*Brief*
Give back every entry precisely as written, without any of the images.

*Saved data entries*
== Segment start ==
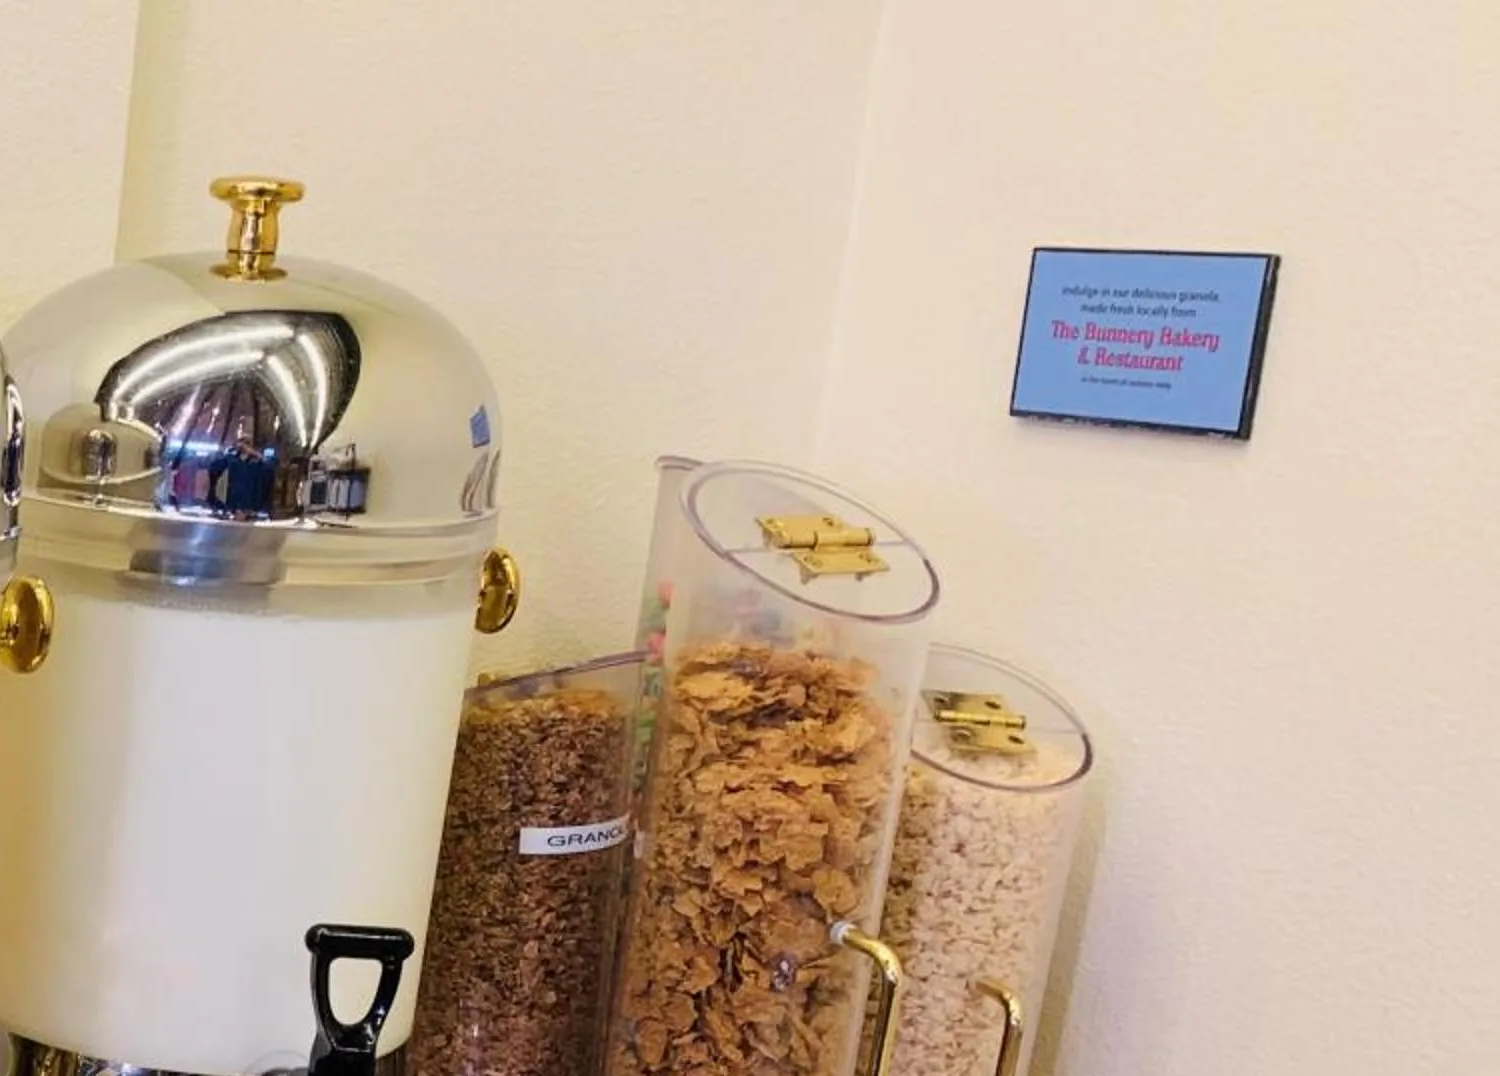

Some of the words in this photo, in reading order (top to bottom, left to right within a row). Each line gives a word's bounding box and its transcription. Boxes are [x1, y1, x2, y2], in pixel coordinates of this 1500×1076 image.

[1052, 319, 1080, 340] The
[1084, 321, 1156, 350] Bunnery
[1159, 325, 1221, 352] Bakery
[1076, 345, 1090, 365] &
[1094, 346, 1185, 372] Restaurant
== Segment end ==
*Solution*
Some of the words in this photo, in reading order (top to bottom, left to right within a row). Each line gives a word's bounding box and its transcription. Boxes are [x1, y1, x2, y2], in pixel coordinates of this 1500×1076 image.

[1052, 319, 1080, 340] The
[1084, 321, 1156, 350] Bunnery
[1159, 325, 1221, 352] Bakery
[1076, 345, 1090, 365] &
[1094, 346, 1185, 372] Restaurant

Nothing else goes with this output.